After DeMers settled on the type of riflescope and bullet he felt would work best for taking coyotes, he realized he had two more chinks in his armor – his binoculars and his rangefinder. He knew that to shoot accurately at long distances, he had to see the target clearly and range the target accurately. He realized he needed the best binocular/rangefinder available at the time.
“Being serious about taking coyotes, I had to purchase quality equipment,” DeMers said. “These Leica Locator rangefinder binoculars sold for $5,700 when I bought it. These binoculars compensate for slope, whether shooting uphill or downhill. With most rangefinders, I exhaust much of my laser range-finding ability when hunting in bright light or snowy conditions. But regardless of the conditions, I can range accurately out to 1,400 yards, even on a flat, snowy surface, with the Leica Locator.”

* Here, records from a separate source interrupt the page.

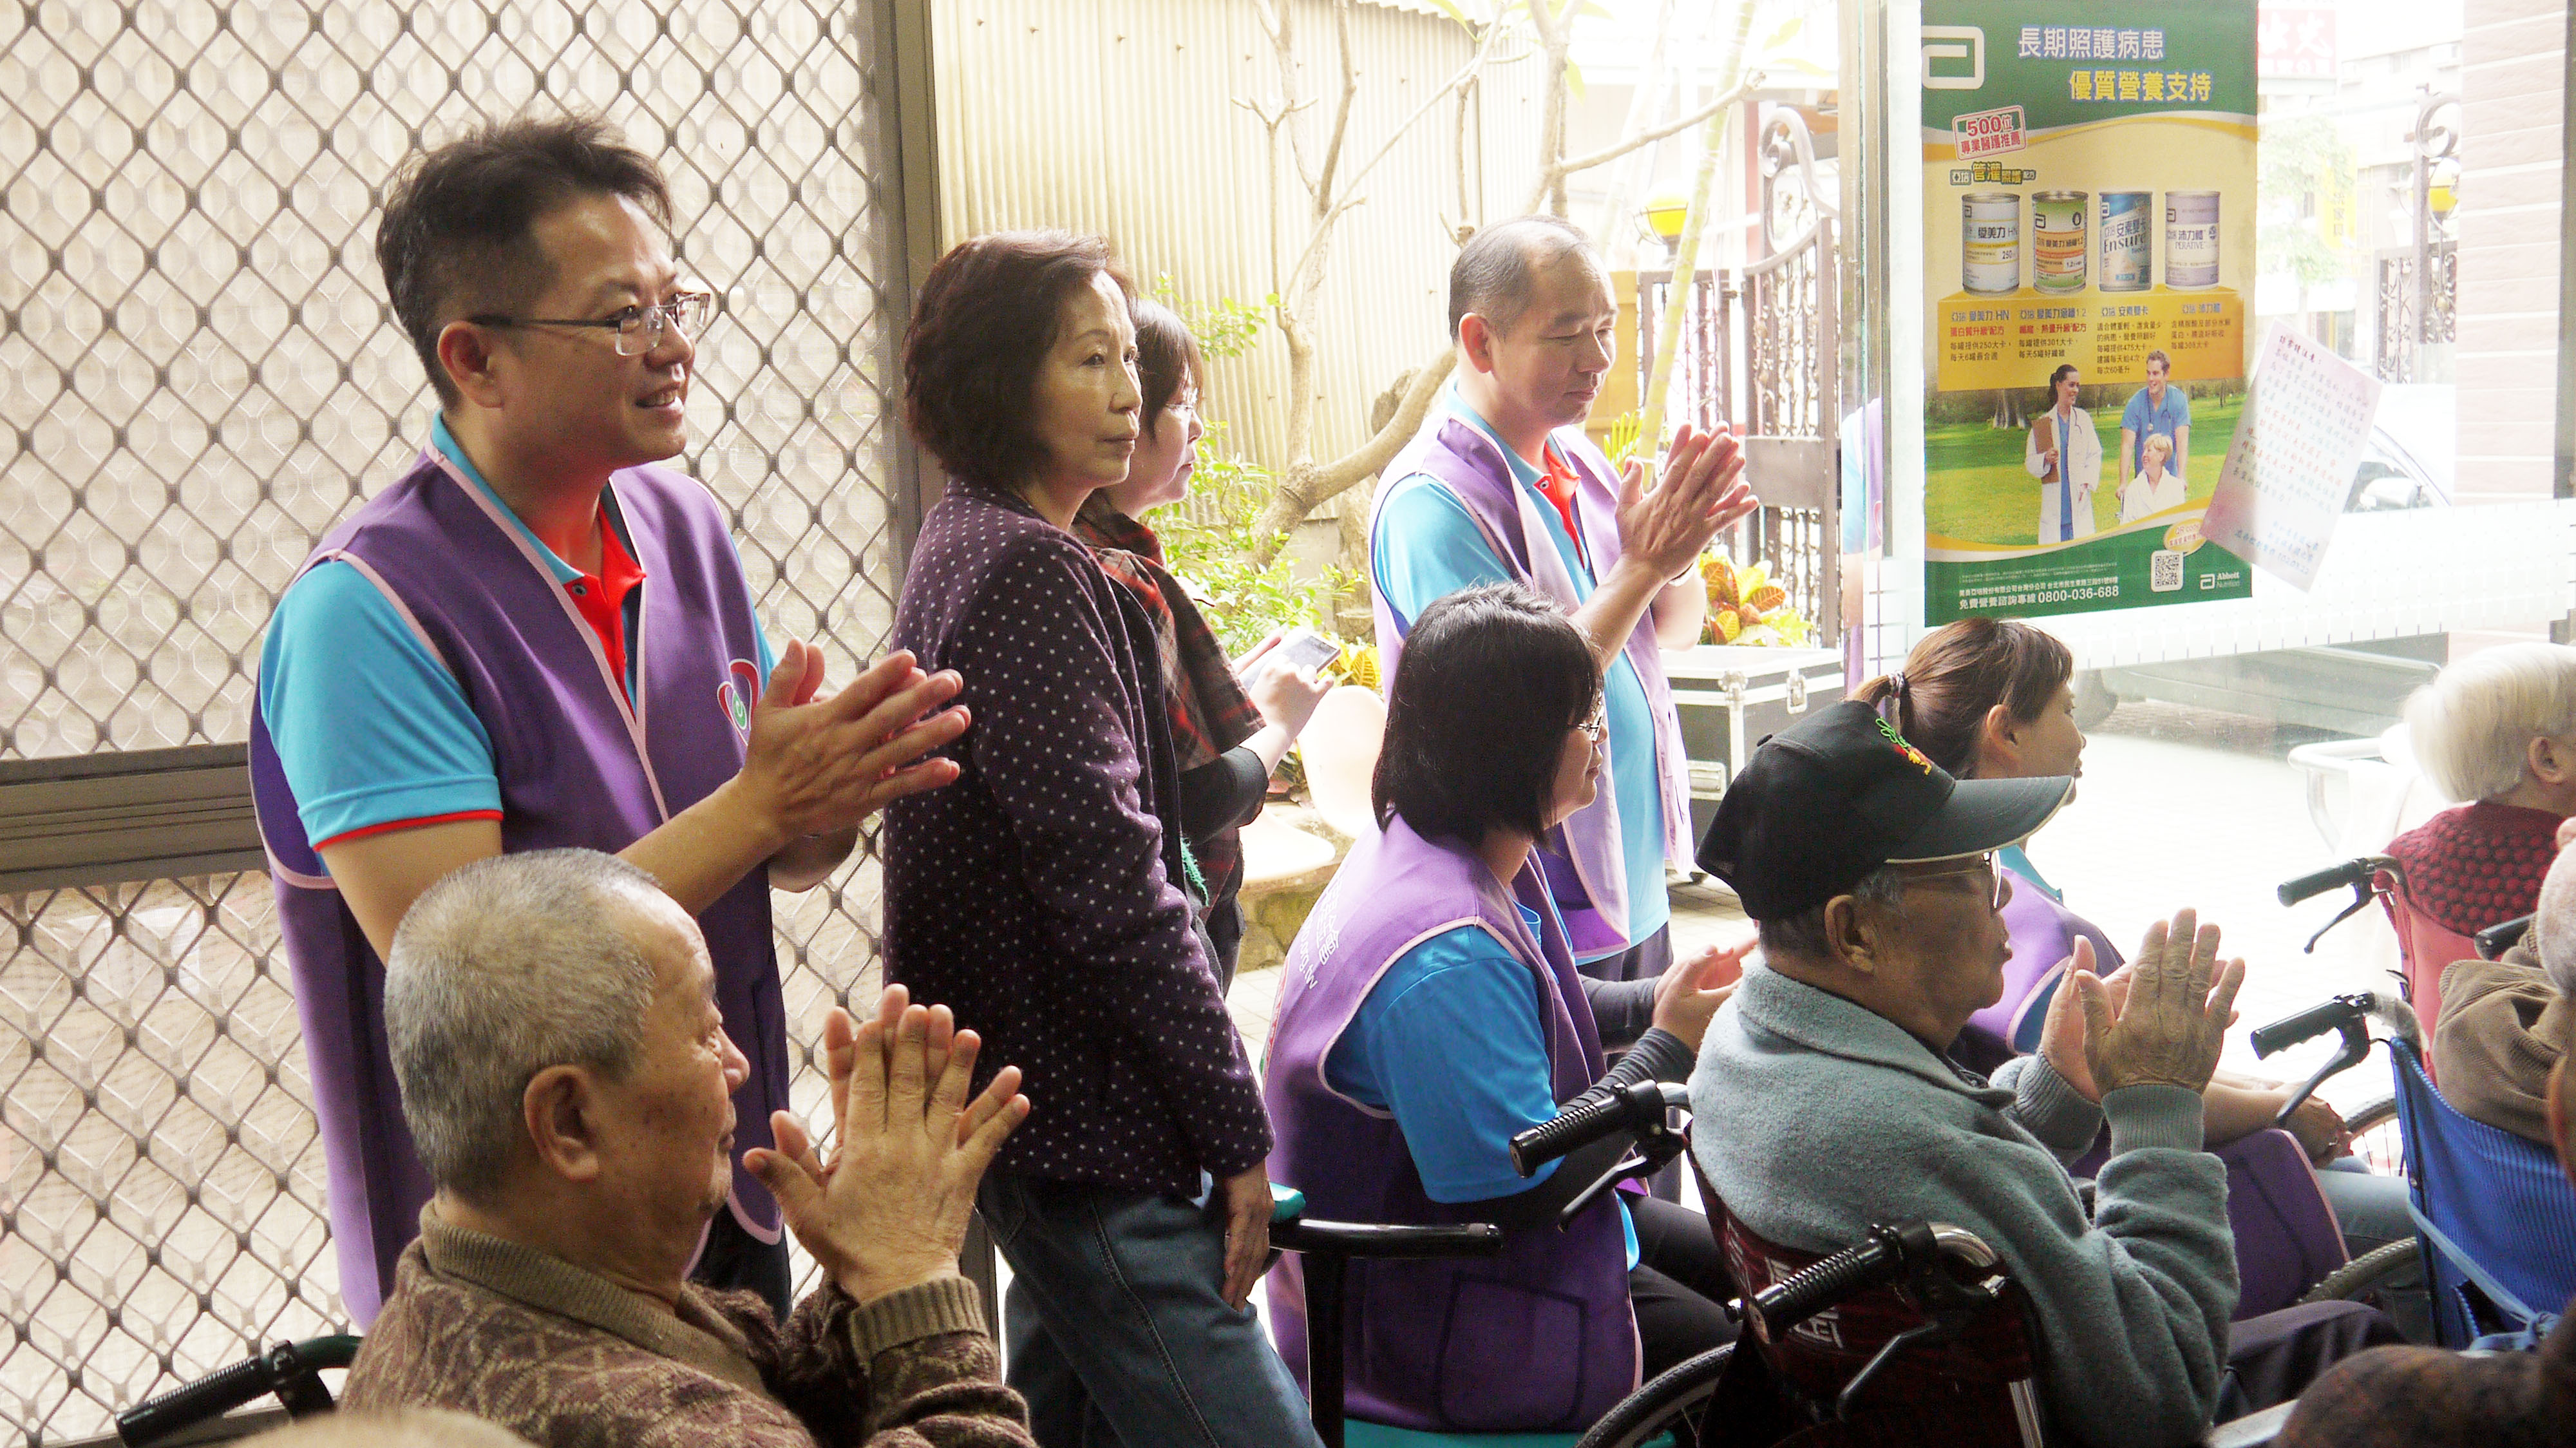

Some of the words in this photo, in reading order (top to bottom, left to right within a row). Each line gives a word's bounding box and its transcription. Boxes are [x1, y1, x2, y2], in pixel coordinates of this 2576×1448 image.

[2018, 27, 2163, 59] 長期照護病患
[2069, 70, 2212, 102] 優質營養支持
[1967, 115, 2013, 137] 500位
[2103, 232, 2146, 254] Ensure
[1996, 309, 2009, 321] HN
[2217, 571, 2240, 581] Abbott
[2038, 584, 2119, 604] 0800-036-688

When a fellow pays almost $6,000 for a binocular rangefinder, you know he’s a serious predator hunter. Unlike most of us, DeMers doesn’t take the shot as soon as he sees the coyote. He first takes 15 to 20 seconds to get his tripod in position, mount his scope, range the animal and adjust the windage and the elevation. DeMers wants his rifle position to remain as consistent as possible to make long-range shots. He places a bubble-level on his rifle to make sure he’s not canting the rifle either to the right or the left. Tilting his rifle even slightly when shooting at 600 to 1,000 yards might throw his shot off.
Shooting accurately at long distances requires a solid, consistent platform every time DeMers shoots. To avoid spooking the animal, DeMers has modified his Sinclair bipod by adding skids that enable him to slide it along the ground. Then he can get into a position where he can shoot, even if he has to crawl with the bipod.
Making the Shot
To perform his job well, DeMers has spent years experimenting to determine the type of equipment that best suits his mission in the terrain where he operates. With the equipment he has settled on, he’s proven that he’s as efficient as possible at long-range shooting and hunting coyotes.
John E. Phillips is a predator hunter from Birmingham, Ala.